The Los Angeles Riots
Though sparked by the Rodney King verdict, there were many other causes of the riots that erupted on the streets of Los Angeles on April 29, 1992. The Los Angeles riots in 1992 were devastating. The obvious issue portrayed through the media was black versus white. If you did not live in Los Angeles or California chances are you did not hear full coverage of the story, you heard a simple cut and dry portrayal of the events in South Central. If you heard one thing about the riots, it was that there was a man named Rodney King and he was a black male beaten with excessive force by four white Los Angeles police officers on Los Angeles concrete. The media portrayed the riots as black rage on the streets due to the not guilty verdict of the four Los Angeles policemen that were facing excessive force charges. The not guilty verdict may have been the initial cause, but the riots were not about Rodney King, they were about greater issues. Some of these issues were black versus white, blacks and Hispanics versus the police, blacks versus Koreans, and poor versus rich. The riots were do to all the underlying festering rage that had been building up in the residents of Los Angeles and the disbelief that police even when caught on tape, could get away with such brutality.

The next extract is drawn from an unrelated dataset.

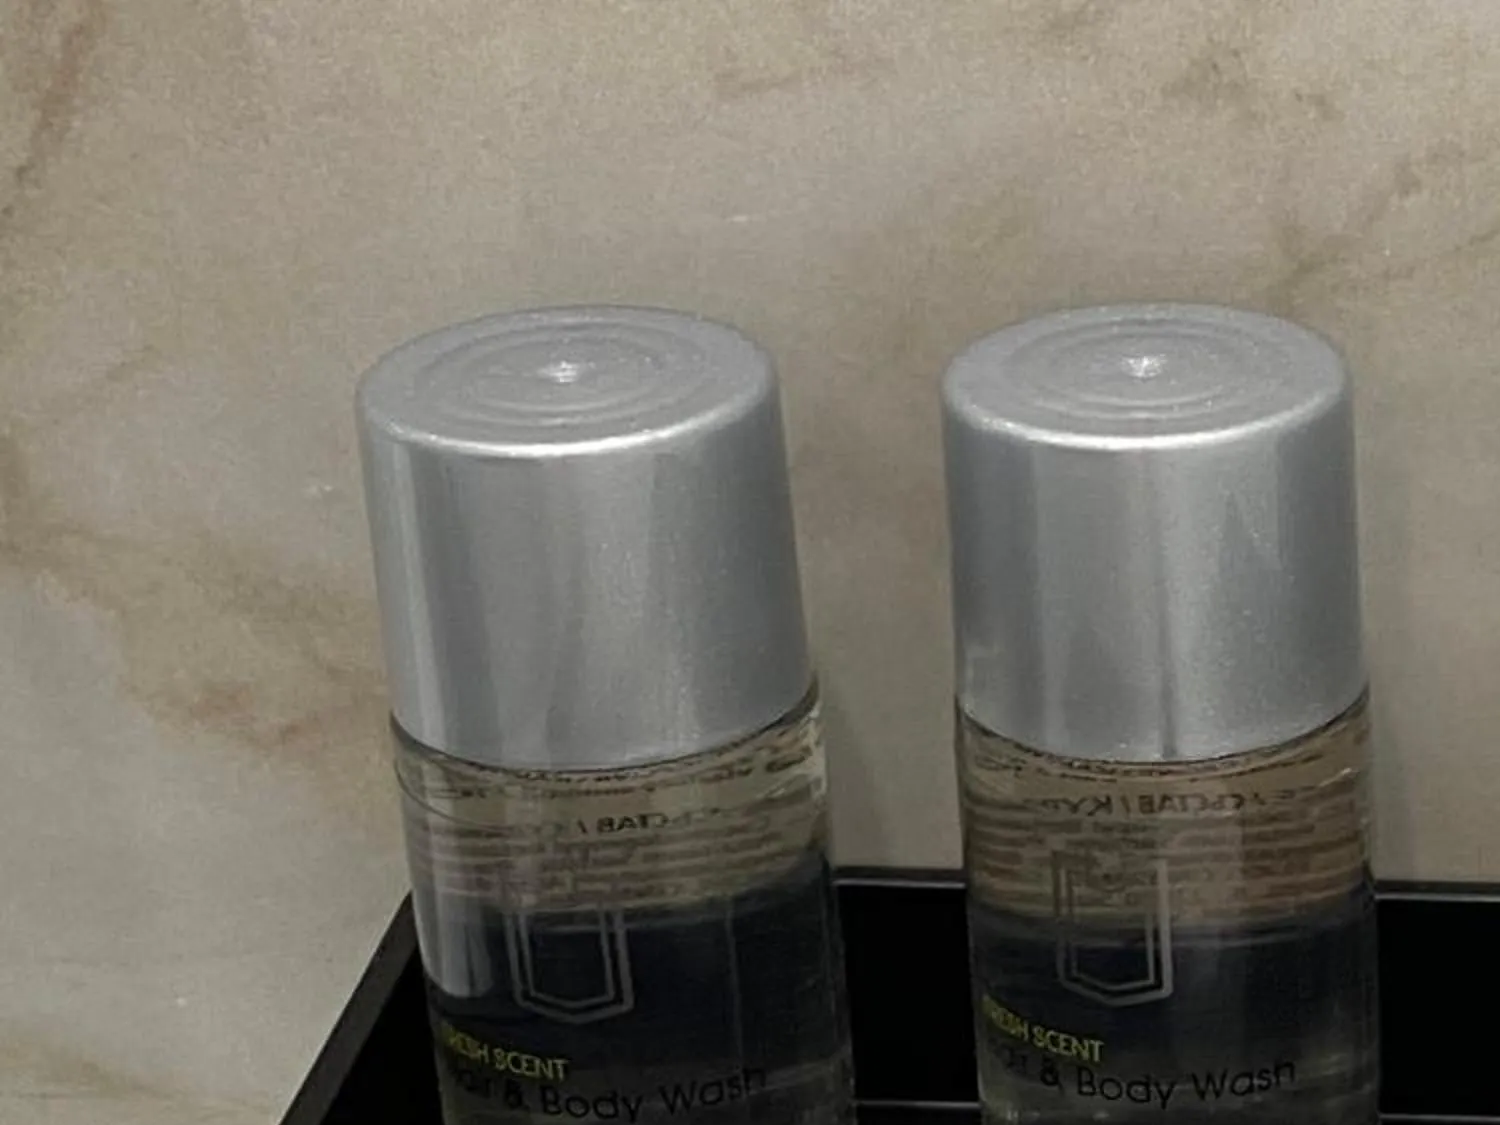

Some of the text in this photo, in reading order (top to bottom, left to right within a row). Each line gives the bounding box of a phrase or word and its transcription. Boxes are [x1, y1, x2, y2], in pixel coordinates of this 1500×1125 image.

Los Angeles was just waiting for an event like the Rodney King verdict to explode. All that was needed was that one spark to ignite the anger in the citizens of South Central and cause the area to explode. South Central had been dealing with significant underlying racial and economic problems in the years since similar riots in Watts in '65. In 1965, steps taken to remedy the racial tension in the city were begun. In an effort to prevent future civil unrest in the city, then Gov. Pat Brown commissioned a committee led by John McCone to investigate the "underlying causes" of the '65 riots. The McCone Commission found that "poverty, racial divisions and other social conditions helped trigger the violence" (Pope). However, after the commissions report, interest in the Watts riots faded and adequate action was not taken to address these issues in the affected areas. At the conclusion of its investigation, the McCone Commission cited that "so serious and so explosive is the situation that, unless it is unchecked, the August riots may seem by comparison to be only a curtain-raiser for what could blow up one day in the future" (Pope). Although the city has changed in those years since the Watts riots, unfortunately, much has remained the same. This confession by the McCone Commission proved to be prophetical. The Watts riots left 34 dead and 600 buildings damaged or destroyed. The '92 riots caused 52 fatalities, and more than 1,200 buildings were damaged or destroyed. An anonymous man from Hollywood made a similar statement in '92 after the riots. He stated, "the verdict was just the spark-this (the riots) had been set for years before" (Smith).